What you return should match every record exactly, with the images removed.

* _Records shown_:
== Segment start ==
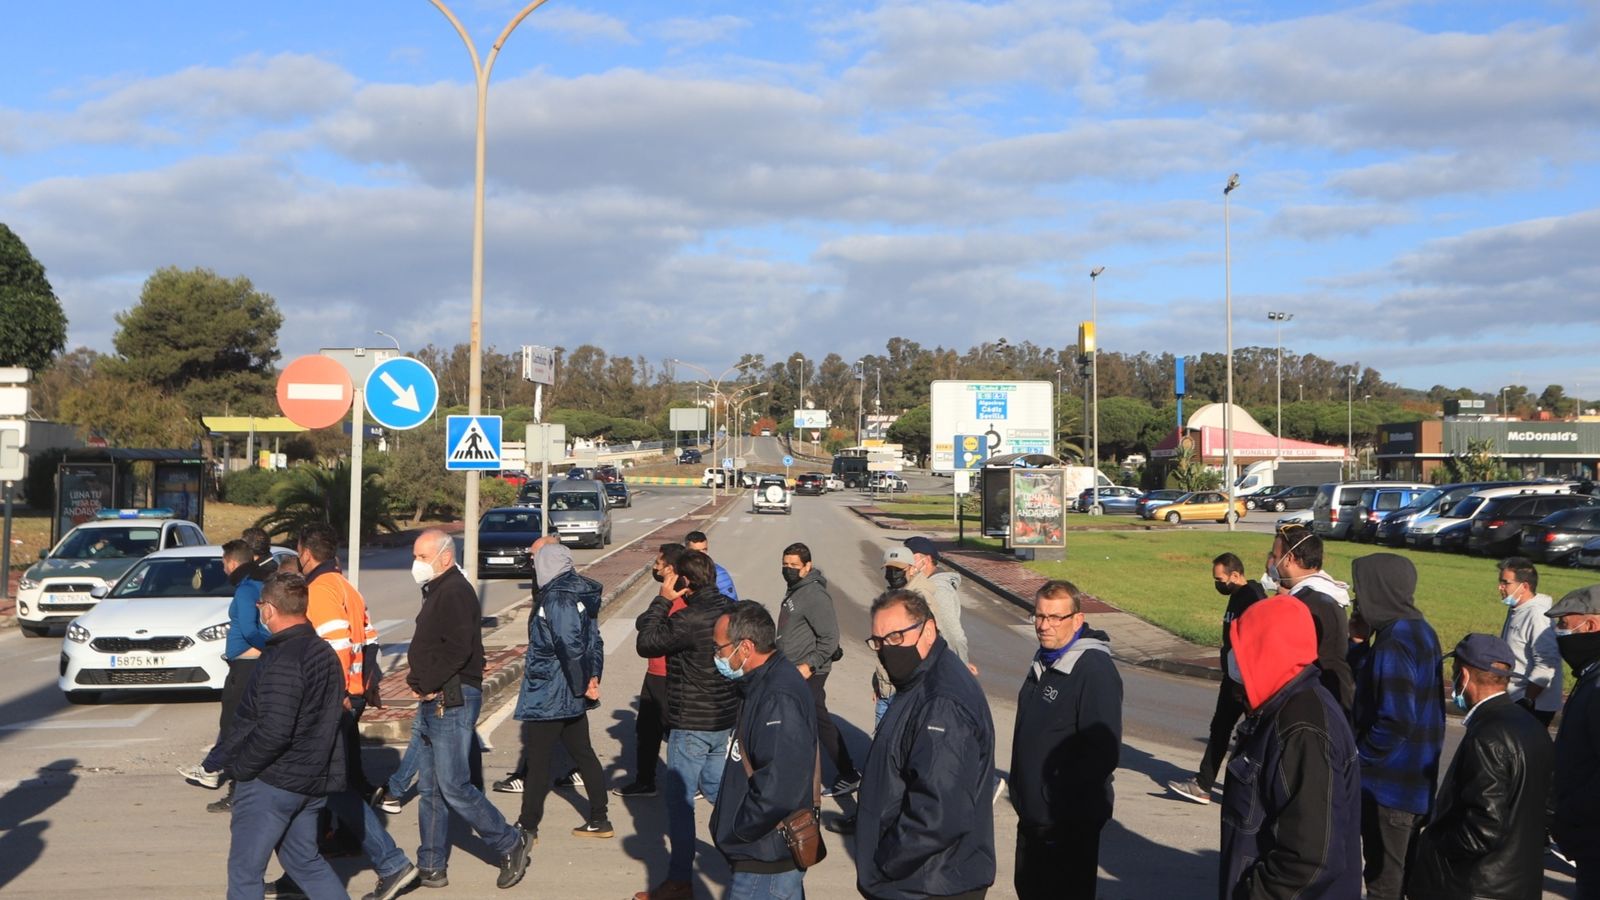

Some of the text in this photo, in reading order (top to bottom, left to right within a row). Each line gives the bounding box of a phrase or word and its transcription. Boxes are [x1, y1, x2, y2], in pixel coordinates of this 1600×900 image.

[981, 405, 1002, 413] Cádiz
[1507, 431, 1579, 442] McDonald's
[91, 490, 102, 498] TU
[117, 655, 166, 666] 5875 KWY
== Segment end ==
* _Expected answer_:
Some of the text in this photo, in reading order (top to bottom, left to right within a row). Each line gives the bounding box of a phrase or word and its transcription. Boxes are [x1, y1, x2, y2], in pixel coordinates of this 1600×900 image.

[981, 405, 1002, 413] Cádiz
[1507, 431, 1579, 442] McDonald's
[91, 490, 102, 498] TU
[117, 655, 166, 666] 5875 KWY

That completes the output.